The mediators, who comprise the powerful UGTT trade union, employers' organisation UTICA, the Tunisian League for Human Rights and the national order of lawyers, will present the coalition's latest proposals to the opposition on Saturday.

Umbrella opposition group the National Salvation Front has repeatedly demanded the dissolution of the Islamist-led government, and is refusing to negotiate directly before a non-partisan cabinet has been formed.

"Concessions must still be made by both sides," said the UGTT's secretary general Houcine Abassi, after Friday's talks.

Ennahda finally said last week that it would accept the resignation of Prime Minister Ali Larayedh's cabinet, a step the mediators also favor.
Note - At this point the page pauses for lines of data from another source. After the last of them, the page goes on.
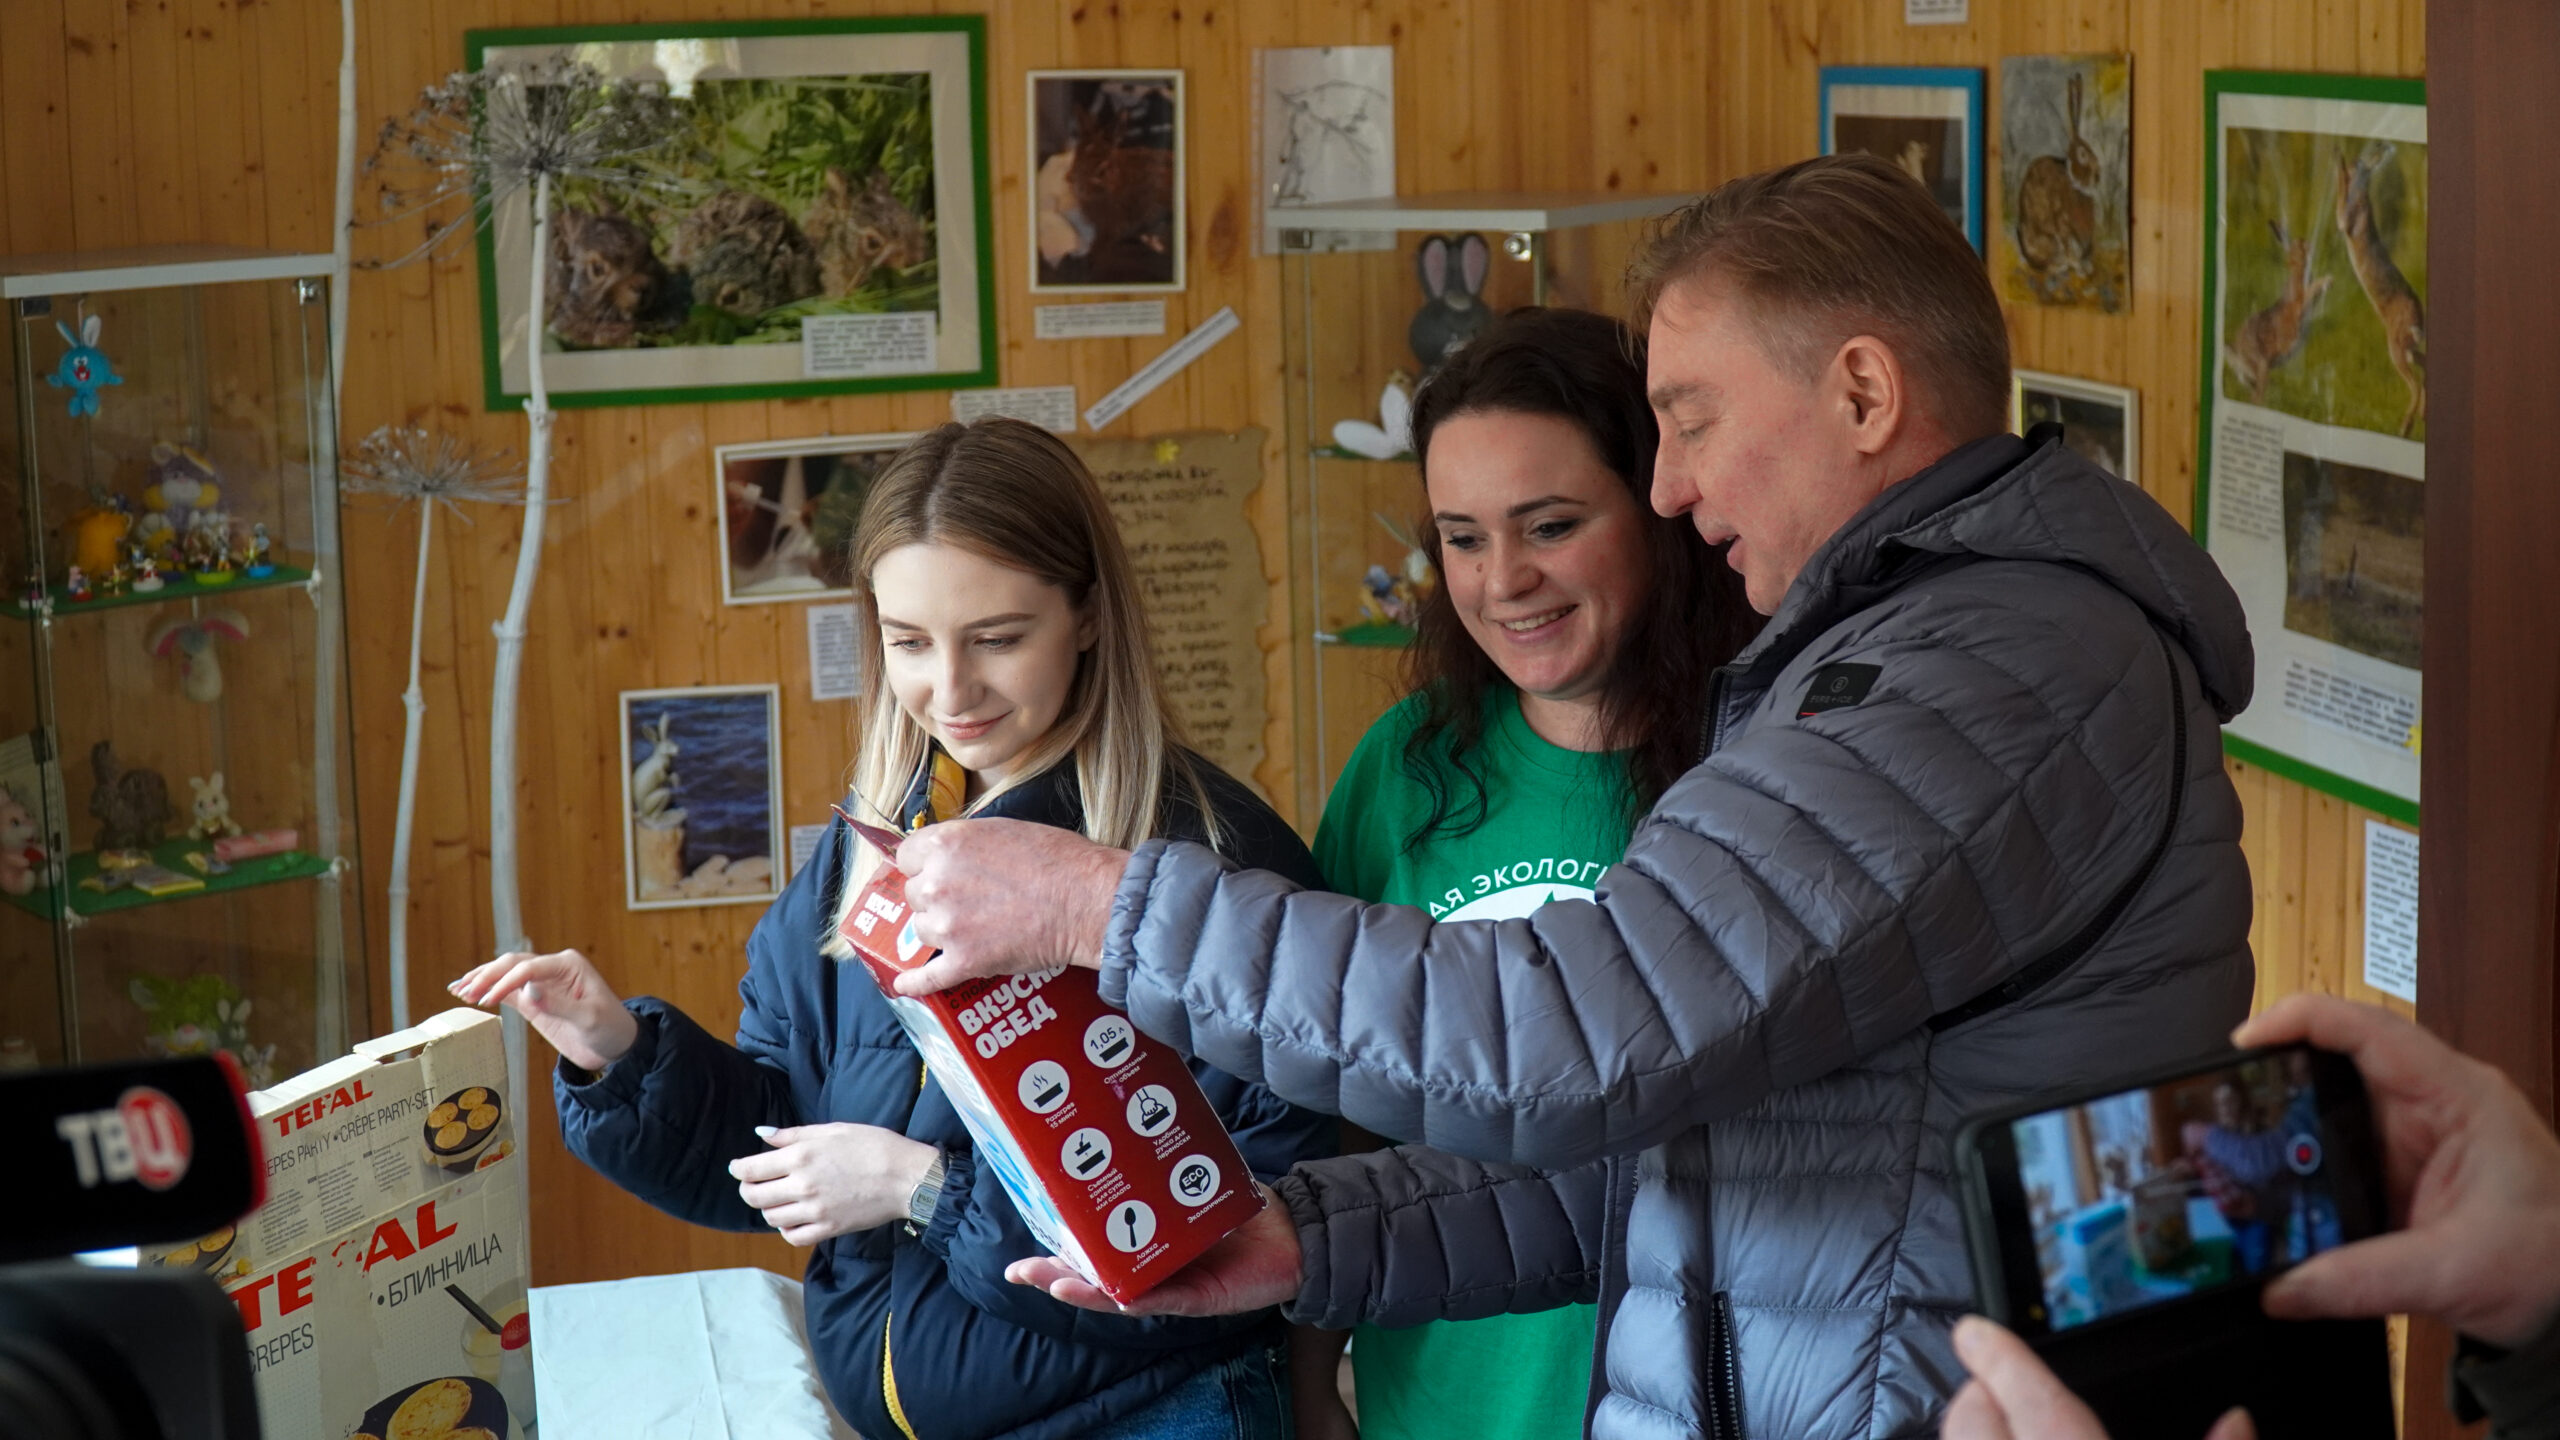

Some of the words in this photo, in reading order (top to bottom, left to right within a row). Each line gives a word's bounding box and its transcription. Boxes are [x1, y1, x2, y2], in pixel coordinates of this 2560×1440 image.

[975, 994, 1058, 1059] ОБЕД
[1090, 1026, 1117, 1050] 1,05
[1103, 1051, 1148, 1085] Оптимальный
[272, 1079, 374, 1138] TEFAL
[1044, 1101, 1076, 1125] Разогрев
[1049, 1120, 1060, 1129] 15
[1058, 1107, 1078, 1124] минут
[56, 1100, 188, 1189] ТВЦ
[264, 1149, 296, 1178] EPES
[339, 1113, 376, 1144] CRÊPE
[377, 1085, 436, 1127] PARTY-SET
[1152, 1125, 1181, 1147] Удобная
[1154, 1139, 1175, 1155] ручка
[1174, 1129, 1187, 1142] для
[1157, 1134, 1191, 1161] переноски
[1087, 1168, 1118, 1192] Съемный
[1089, 1172, 1123, 1199] контейнер
[1181, 1166, 1205, 1187] ECO
[1095, 1200, 1109, 1212] или
[1107, 1183, 1132, 1203] салата
[1096, 1191, 1109, 1204] для
[1107, 1180, 1125, 1195] супа
[1187, 1188, 1235, 1224] Экологичность
[1136, 1242, 1159, 1261] Ложка
[1136, 1242, 1170, 1270] комплекте
[227, 1200, 458, 1334] TEAL
[388, 1232, 503, 1308] БЛИННИЦА
But it insisted agreement must first be reached on outstanding political differences, including an elections timetable and the contents of a new constitution, whose drafting has for months been blocked by political wranglings.
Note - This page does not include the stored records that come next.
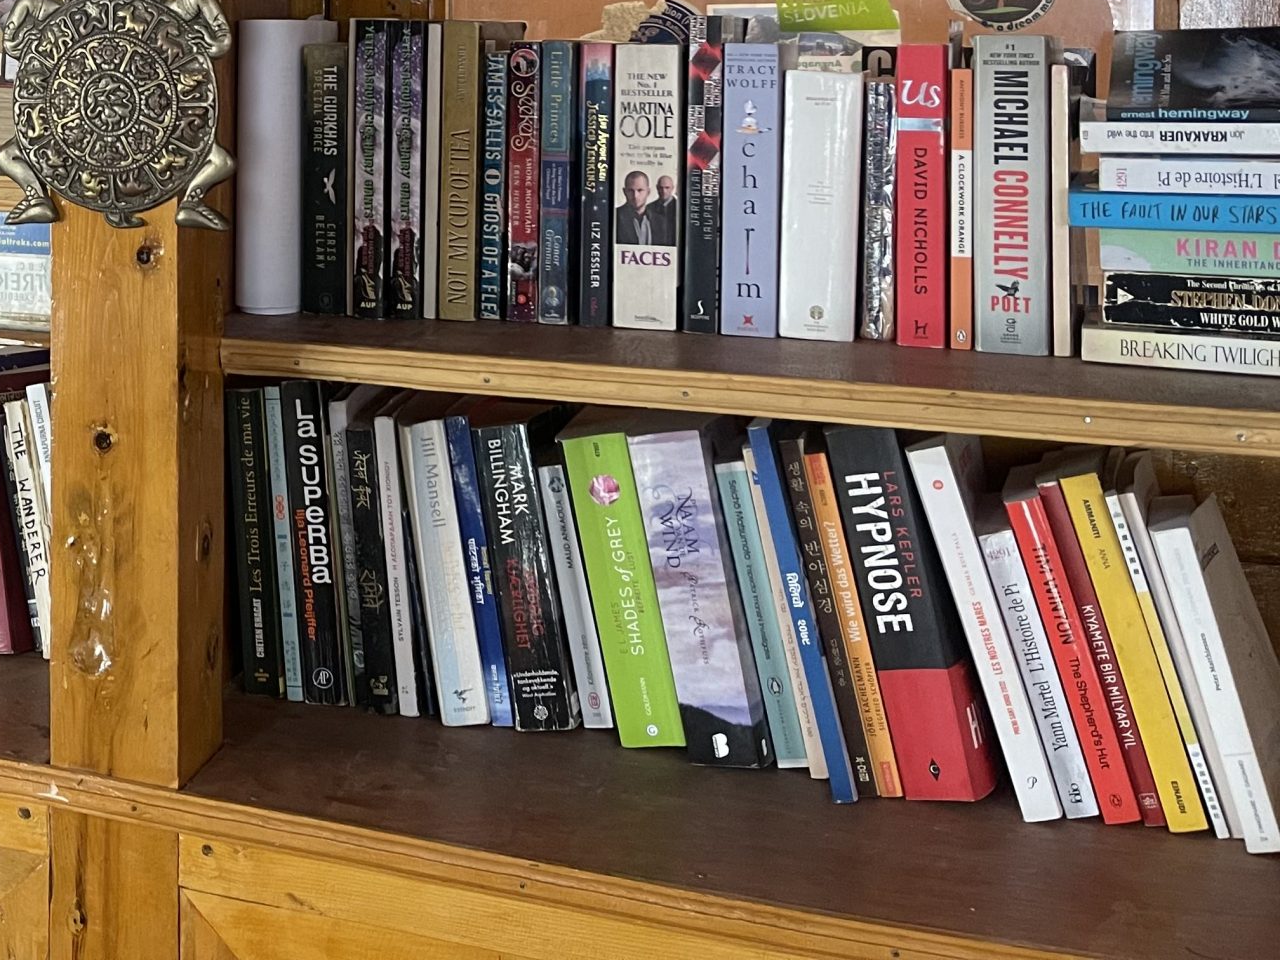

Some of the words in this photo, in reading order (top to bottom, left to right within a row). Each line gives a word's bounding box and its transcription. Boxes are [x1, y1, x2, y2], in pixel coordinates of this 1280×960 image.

[783, 1, 870, 23] SLOVENIA
[1005, 43, 1016, 51] #1
[323, 65, 337, 93] THE
[487, 52, 504, 102] JAMES
[550, 49, 563, 88] Little
[627, 72, 648, 81] THE
[650, 72, 668, 81] NEW
[727, 65, 777, 75] TRACY
[727, 79, 777, 89] WOLFF
[313, 68, 322, 115] SPECIAL
[901, 79, 942, 109] Us
[323, 95, 338, 156] GURKHAS
[511, 81, 538, 152] Seekers
[550, 93, 563, 144] Princes
[620, 102, 674, 116] MARTINA
[993, 71, 1029, 165] MICHAEL
[1120, 111, 1155, 119] ernest
[1158, 108, 1250, 120] hemingway
[313, 119, 322, 153] FORCE
[485, 108, 503, 160] SALLIS
[620, 117, 674, 138] COLE
[1107, 130, 1123, 139] wild
[1125, 130, 1138, 139] the
[1140, 130, 1154, 139] Into
[1159, 131, 1227, 141] KRAKAUER
[1229, 131, 1246, 140] Jon
[450, 128, 471, 164] TEA
[449, 169, 470, 190] OF
[914, 147, 928, 200] DAVID
[1157, 170, 1171, 186] Pi
[1175, 172, 1192, 186] de
[1195, 171, 1263, 189] L'Histoire
[448, 193, 470, 227] CUP
[483, 192, 500, 240] GHOST
[993, 170, 1029, 279] CONNELLY
[1080, 201, 1111, 218] THE
[1121, 202, 1163, 220] FAULT
[1171, 205, 1188, 222] IN
[1192, 205, 1220, 223] OUR
[1228, 205, 1277, 224] STARS
[326, 222, 336, 261] CHRIS
[448, 228, 470, 260] MY
[591, 221, 601, 239] LIZ
[482, 245, 498, 265] OF
[545, 228, 554, 271] Grennan
[552, 234, 561, 266] Conor
[590, 243, 600, 288] KESSLER
[621, 251, 671, 266] FACES
[914, 208, 928, 295] NICHOLLS
[1176, 238, 1258, 259] KIRAN
[447, 266, 470, 304] NOT
[481, 268, 497, 281] A
[480, 284, 497, 319] FLEA
[991, 297, 1031, 314] POET
[1200, 312, 1236, 326] WHITE
[1238, 314, 1269, 328] GOLD
[421, 436, 433, 459] Jill
[427, 463, 446, 529] Mansell
[488, 438, 516, 545] BILLINGHAM
[507, 461, 529, 516] MARK
[9, 422, 27, 460] THE
[18, 478, 47, 586] WANDERER
[296, 508, 305, 528] Ilja
[560, 499, 572, 543] ANKAOUA
[677, 487, 700, 555] NAAM
[606, 516, 627, 562] GREY
[657, 511, 681, 569] WIND
[823, 521, 844, 566] Wetter?
[882, 471, 904, 518] LARS
[895, 526, 923, 598] KEPLER
[1082, 499, 1101, 539] AMMANITI
[1097, 548, 1111, 570] ANNA
[298, 530, 312, 583] Leonard
[565, 547, 574, 569] MAUD
[845, 472, 913, 634] HYPNOSE
[618, 565, 634, 584] of
[804, 540, 833, 614] 반야심경
[835, 566, 850, 588] das
[1004, 583, 1020, 595] Pi
[303, 583, 316, 640] Pfeijffer
[839, 590, 855, 618] wird
[972, 601, 989, 627] MARES
[1012, 593, 1026, 610] de
[621, 586, 644, 655] SHADES
[849, 621, 862, 643] Wie
[982, 624, 1000, 659] NOSTRES
[1017, 608, 1046, 674] L'Histoire
[992, 658, 1003, 676] LES
[1068, 657, 1082, 675] The
[853, 657, 874, 719] KACHELMANN
[1039, 680, 1060, 717] Martel
[1073, 676, 1103, 745] Shepherd's
[866, 720, 877, 737] JÖRG
[1050, 718, 1069, 752] Yann
[1095, 746, 1110, 769] Hut
[1170, 780, 1186, 814] EINAUDI
The opposition coalition has announced a new protest in the capital on Saturday in the form of a human chain stretching several kilometers (miles) from parliament to the Kasbah, where the government headquarters are located.

Last Saturday, the NSF launched what it called the "week of departure," a week-long campaign of protests aimed at bringing down the government, starting with a mass rally outside parliament.

But the demonstration attracted fewer people than two similar protests held earlier this month -- 10,000 according to police estimates -- and the planned week-long campaign failed to mobilize the kind of Egyptian mass protests that preceded the army's ouster of Islamist president Mohammed Morsi on July 3.

The opposition accuses Ennahda of failing to rein in Tunisia's jihadist movement, which is blamed for murdering Brahimi and opposition MP Chokri Belaid, another prominent secular politician whose assassination in February brought down the first Islamist-led coalition.

Ennahda has also been accused of mismanaging the economy and failing to improve living standards, with Egypt's Morsi facing similar criticism from protesters ahead of the military coup.